------ Dataset records ------

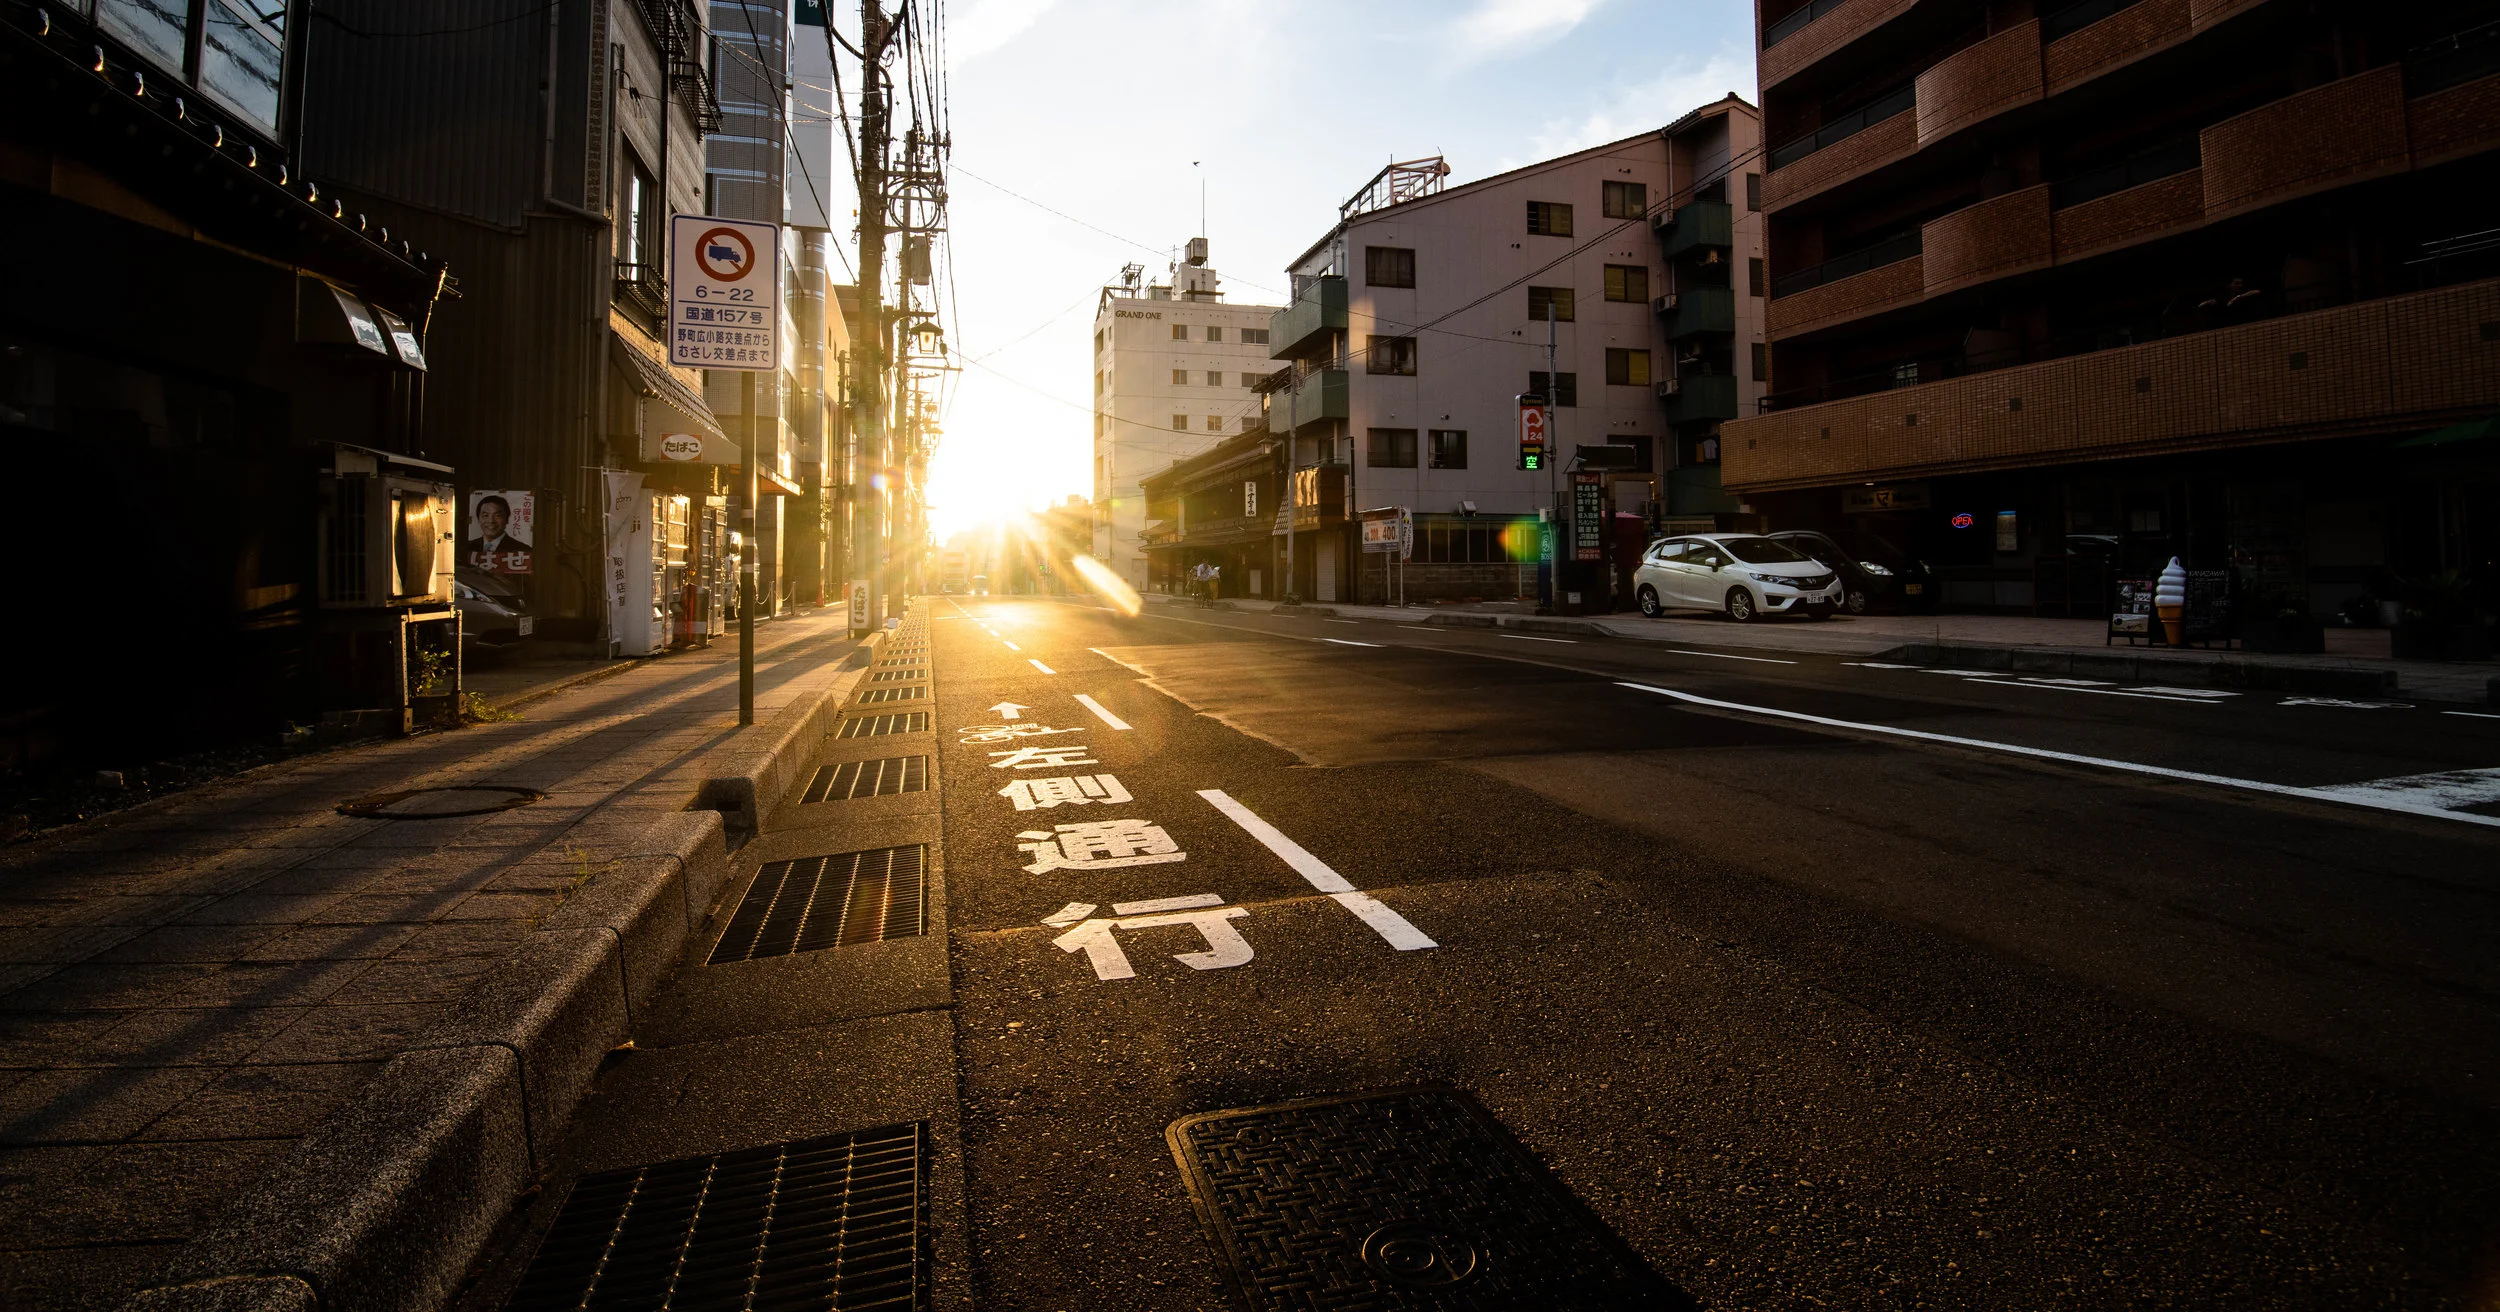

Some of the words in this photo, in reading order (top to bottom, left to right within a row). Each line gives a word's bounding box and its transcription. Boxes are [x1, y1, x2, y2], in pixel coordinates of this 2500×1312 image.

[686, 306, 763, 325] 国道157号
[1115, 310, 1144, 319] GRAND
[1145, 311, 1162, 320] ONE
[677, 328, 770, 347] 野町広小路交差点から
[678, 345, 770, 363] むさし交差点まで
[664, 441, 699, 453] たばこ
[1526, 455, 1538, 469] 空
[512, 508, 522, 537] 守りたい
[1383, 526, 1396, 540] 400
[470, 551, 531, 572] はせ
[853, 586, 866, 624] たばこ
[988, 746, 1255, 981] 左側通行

------

Give back the material word for word and drop the pictures it holds.

Some of the words in this photo, in reading order (top to bottom, left to right within a row). Each line gives a word's bounding box and its transcription. Boxes are [x1, y1, x2, y2], in pixel coordinates of this 2500×1312 image.

[686, 306, 763, 325] 国道157号
[1115, 310, 1144, 319] GRAND
[1145, 311, 1162, 320] ONE
[677, 328, 770, 347] 野町広小路交差点から
[678, 345, 770, 363] むさし交差点まで
[664, 441, 699, 453] たばこ
[1526, 455, 1538, 469] 空
[512, 508, 522, 537] 守りたい
[1383, 526, 1396, 540] 400
[470, 551, 531, 572] はせ
[853, 586, 866, 624] たばこ
[988, 746, 1255, 981] 左側通行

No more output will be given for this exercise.